The apocalyptic vision of the book of Revelation likewise seeks to pull back the curtain, in this case to expose the powers of that first century world that were aligned against the Christian community. Written we think at the close of the first century - some 40 years after Mark - Revelation comes out of a world dominated by imperial Rome. Rome, it would seem, would continue its oppression unopposed. Who could stand against it? Who could overcome its armies, escape its persecution? Surely not the church which had no worldly power. And so to bring hope that good someday would triumph, to offer a promise that God would come to the aid of God's people, to assure that community of faith that all is not lost, the last word has not been spoken, the writer holds up his apocalyptic vision. Let us listen to a small section of a very long book.

Read Revelation 16.

So . . . what does THAT mean? I don't know. I don't believe anyone knows. Lest of all the people who say that do, who say that have discovered "the code," who say God has shown them what all this wild, fantastic images mean.

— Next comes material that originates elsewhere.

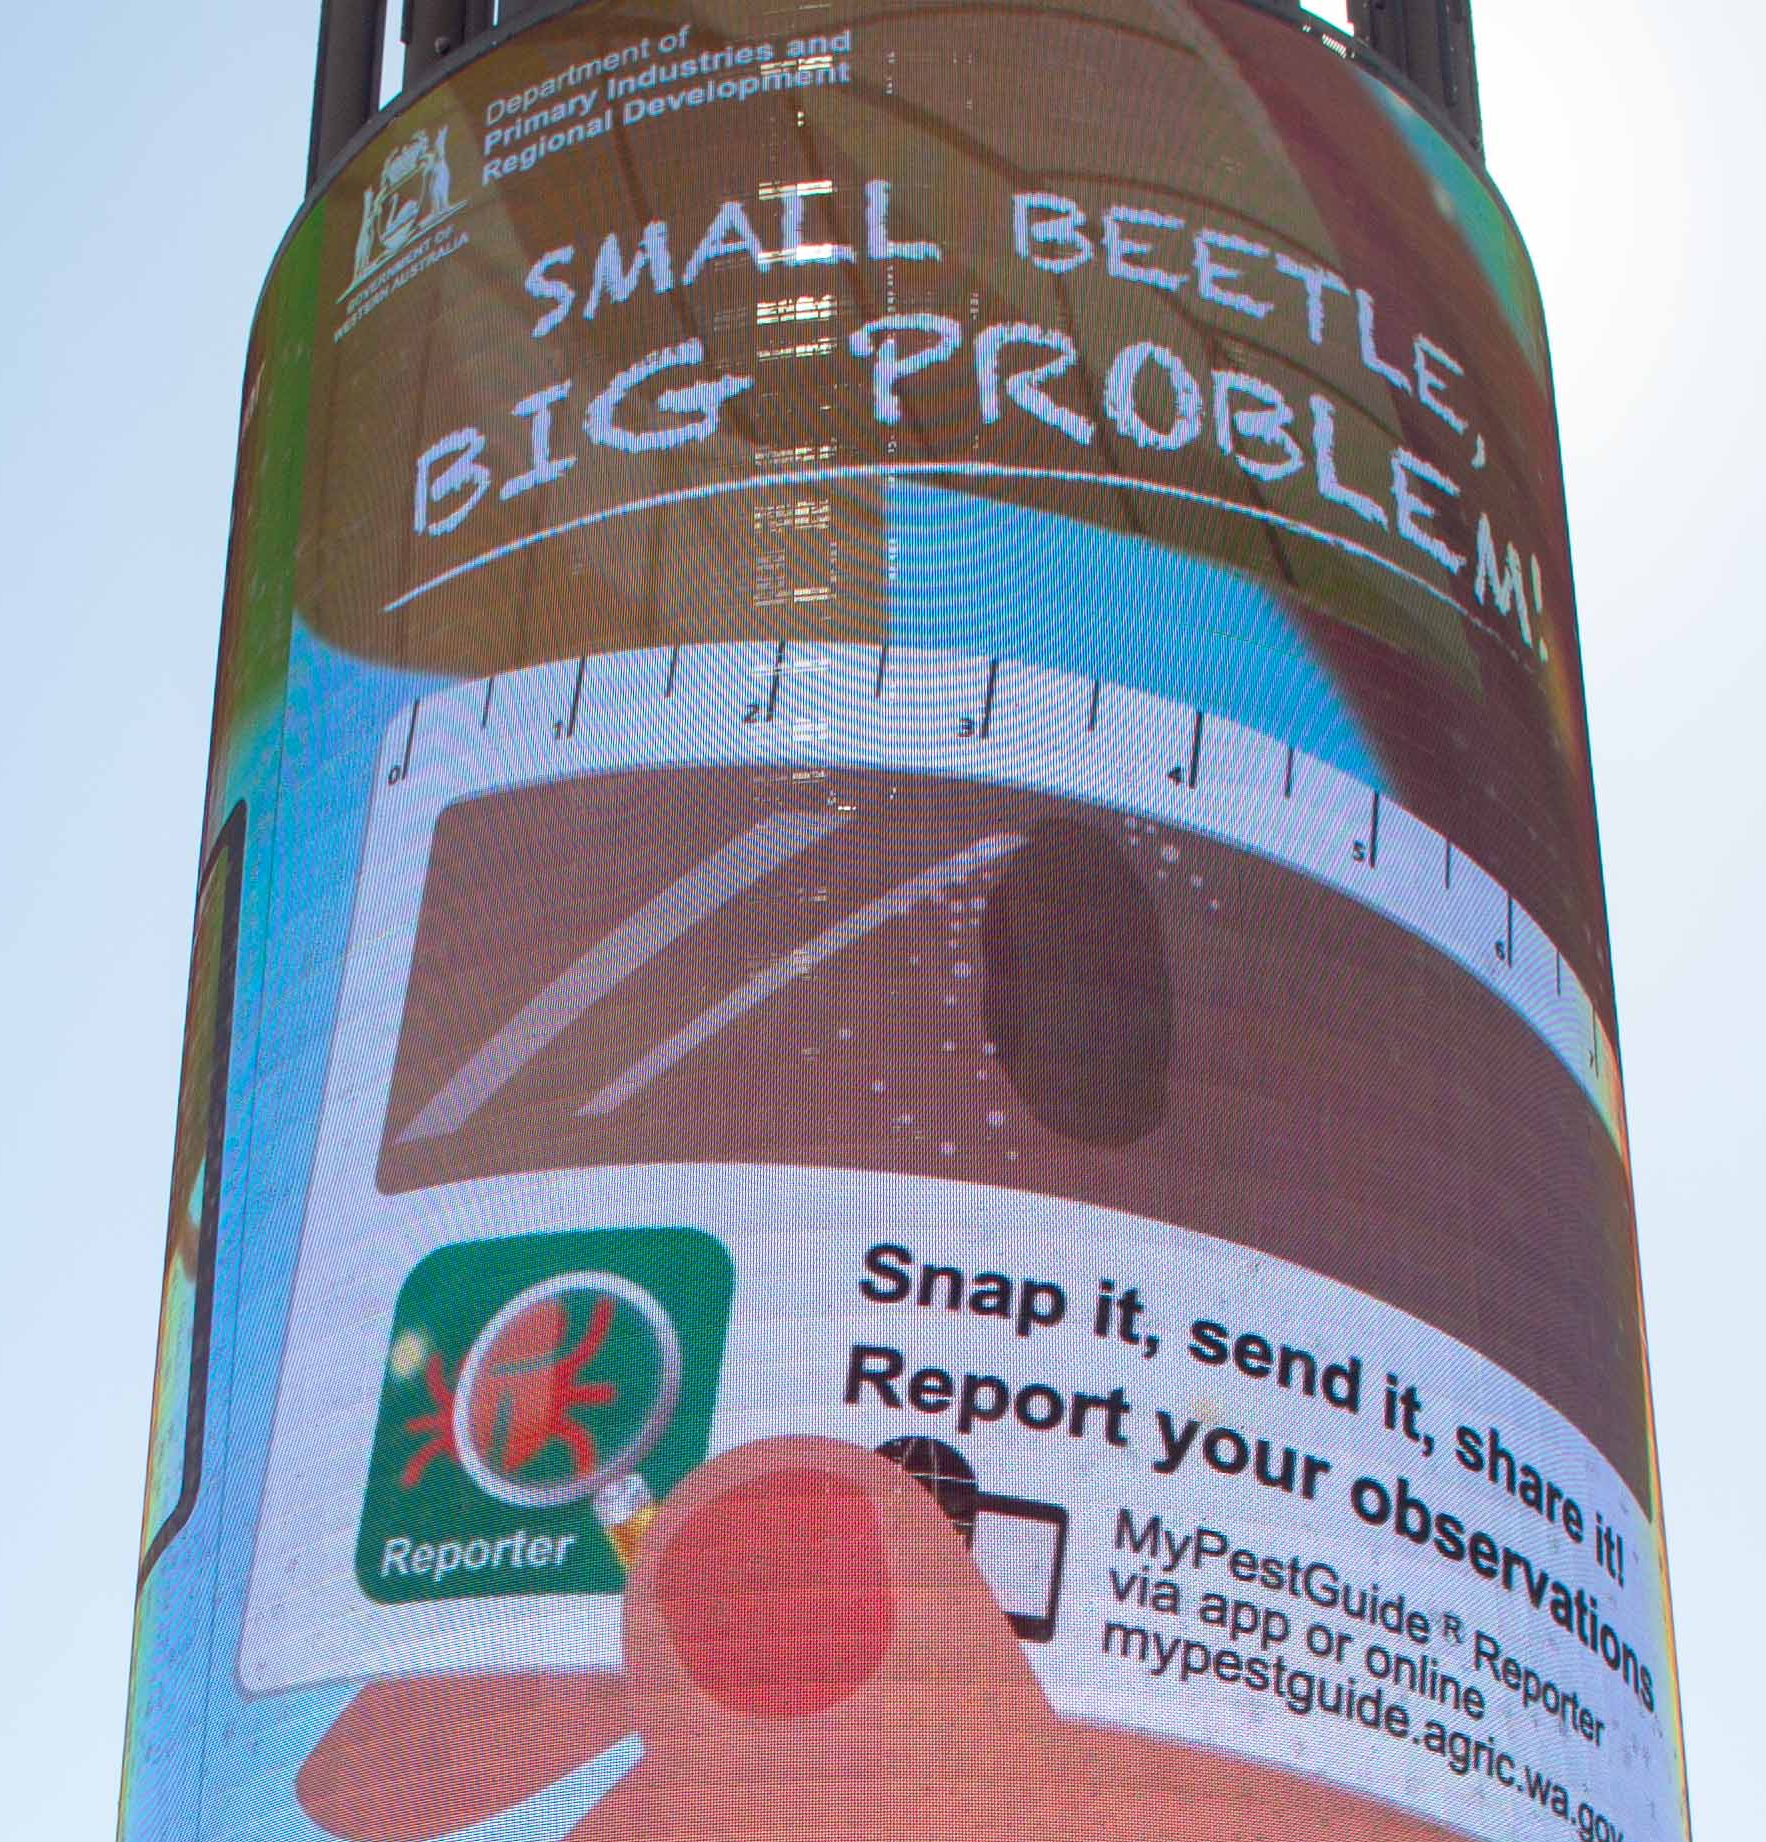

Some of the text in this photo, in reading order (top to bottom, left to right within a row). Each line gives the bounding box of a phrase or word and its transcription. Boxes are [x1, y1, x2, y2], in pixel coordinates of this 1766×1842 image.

Not long after I figured out that Jesus was NOT coming back at our Watch Night services a book called The Late Great Planet Earth by a man named Hal Lindsay came out, and it became the best-selling work of non-fiction (I question THAT category!) of the decade of the 1970s. It is now in 54 languages, and has sold over 35 million copies worldwide. In the book Lindsay made all sorts of predictions about the soon end of the world - the Soviet Union was to be a key player, the US was not a factor at all, the Anti-Christ was to head the United States of Europe, and other things that didn't come true. But his book sold, and in fact Mr. Lindsay 35 years later is still making a very nice living working the prophecy angle combined now with right-wing politics and Christian Zionism.

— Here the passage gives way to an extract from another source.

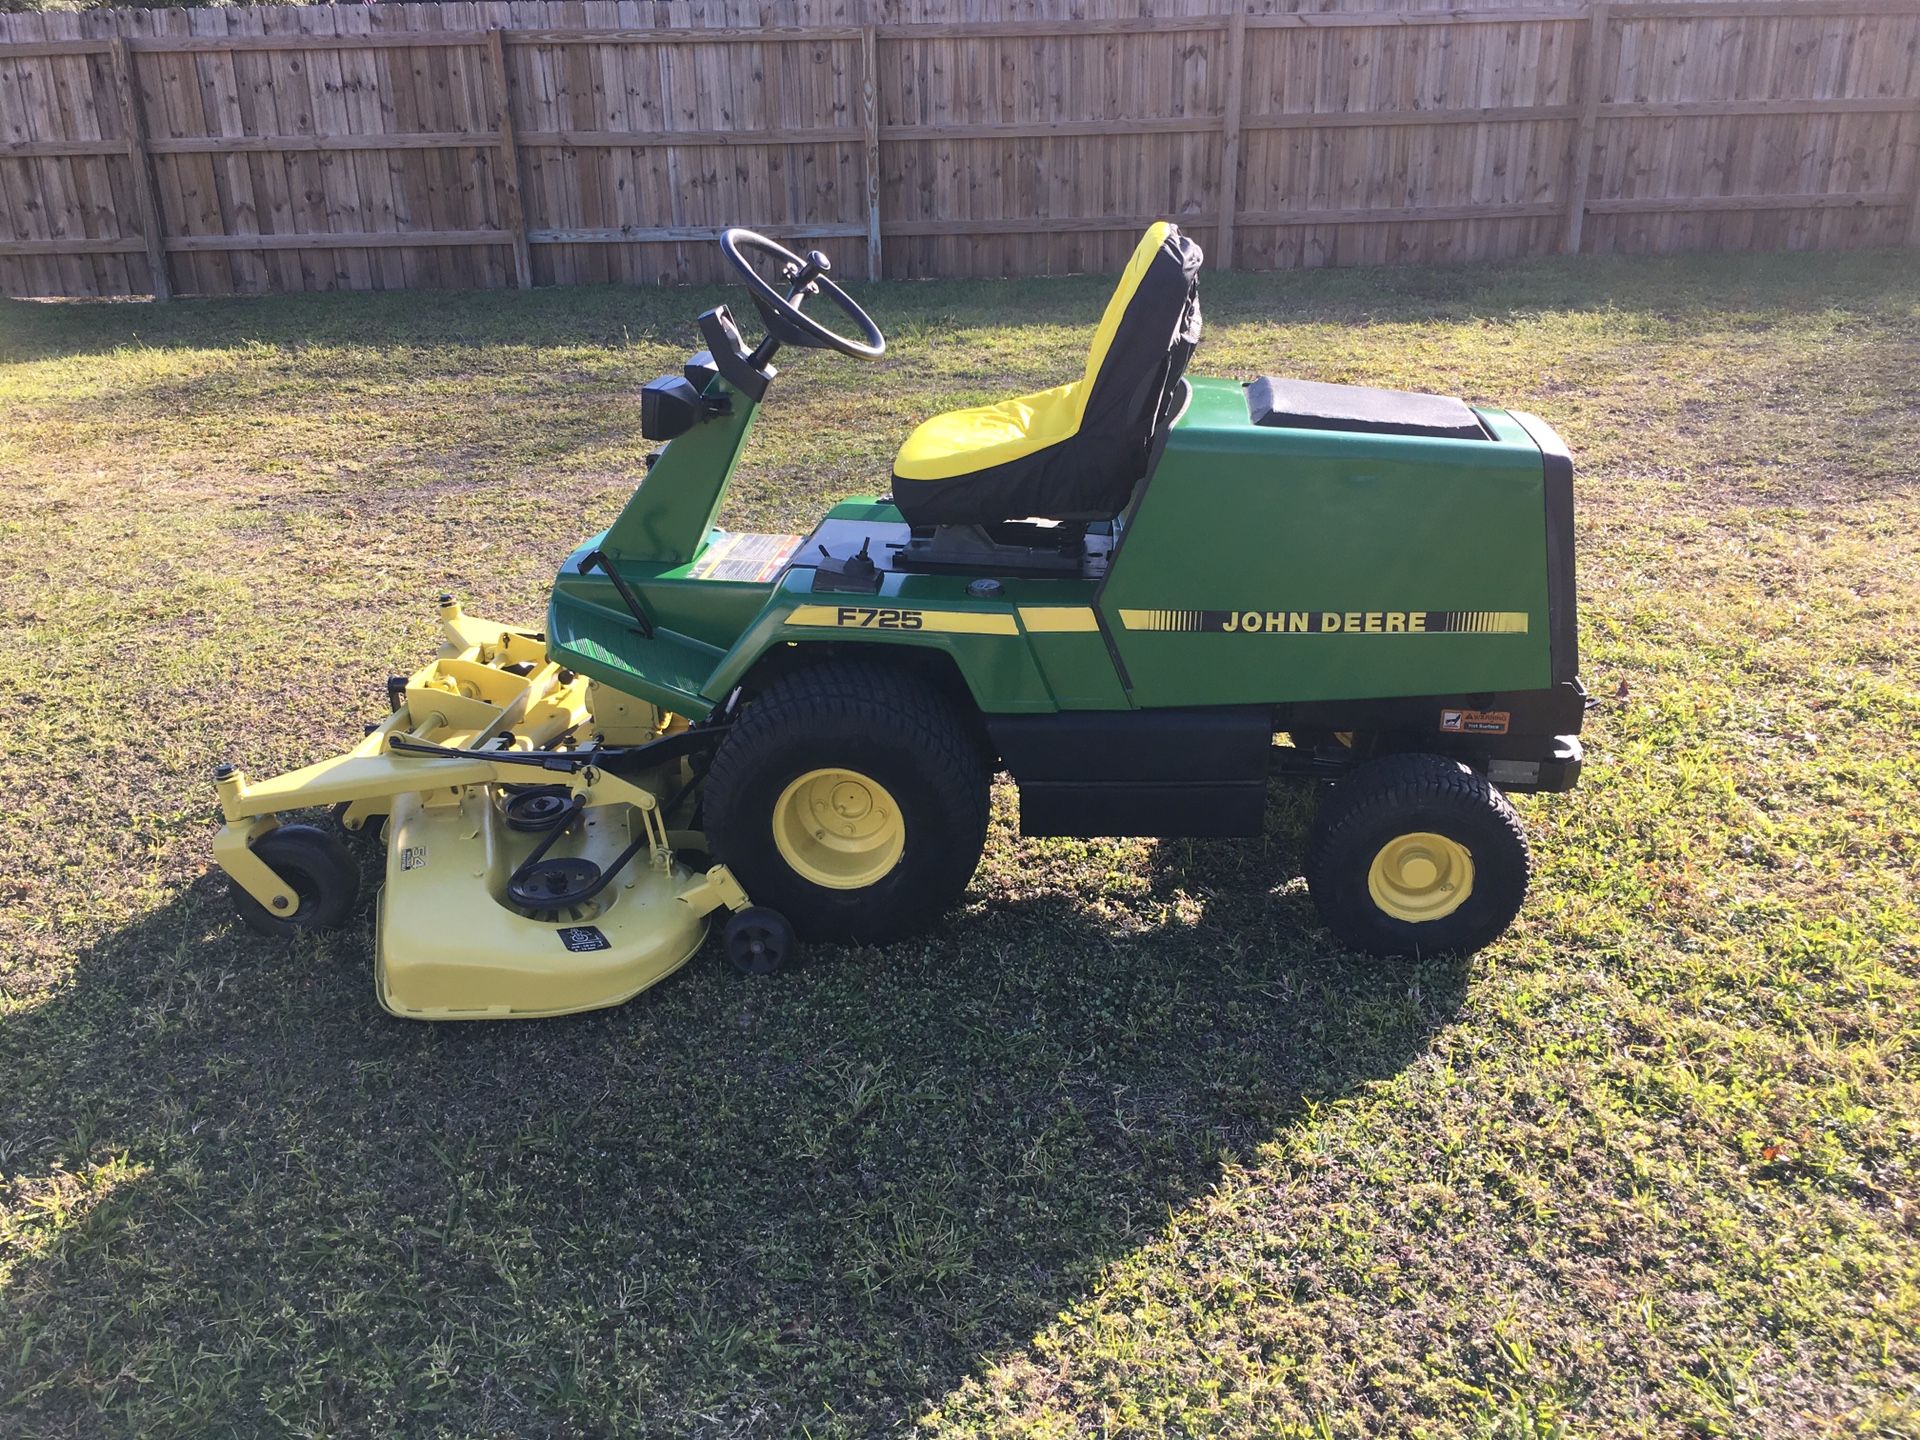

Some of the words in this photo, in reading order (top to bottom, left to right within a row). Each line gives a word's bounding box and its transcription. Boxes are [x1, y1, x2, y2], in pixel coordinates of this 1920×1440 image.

[837, 607, 923, 630] F725
[1222, 611, 1309, 633] JOHN
[1320, 611, 1427, 632] DEERE
[411, 846, 426, 870] 54

In fact, Hal Lindsay recently has been urging that the US attack Iran to disarm its Weapons of Mass Destruction, so as to save Israel from attack but more importantly to bring about the so-called biblical prophecies of the second coming of Christ. He has been joined by John Hagee, pastor of an 18,000 member church in San Antonio, who in his recent book Jerusalem Countdown (sales now of 700,000 copies) says that "a confrontation with Iran is a necessary precondition for Armageddon and the Second Coming of Christ." [See http://www.alternet.org/story/39748/ for more information on this.] He has been joined by other highly influential televangelists who are advocating an attack on Iran, in no small part in order that their vision of the end of the world might come true, that the battle of Armageddon referenced in today's reading might come to happen.

It is one thing to fantasize about what these strange and puzzling and bizarre passages of the Bible might mean. It may be harmless to imagine what all these symbols mean, what the "second coming" of Christ so long delayed might bring about. But actively promoting war because you think you know what God is doing in the world - that is quite another thing. A very frightening thing.

So what are we to make of all this, and of the passages in the Bible like those we have heard today? I say simply enough: whatever interpretations we might bring to them, let us first and last admit that they are way too complex and too far removed in time from us to have any certainty about what they mean. We just don't know.

And let us say that's OK. There are far more passages in the Bible that are surely very clear. They tell us to love God and to serve our neighbors. They tell us to love even our enemies. They urge us to trust God for today and for tomorrow, not our bizarre visions of biblical prophecy.. They tell us that it is the poor and the hungry, the merciful and the peacemakers who know God truly. Let us spend our time trying to understand and live out THOSE passages of Scripture. And leave the rest for last - or for not at all.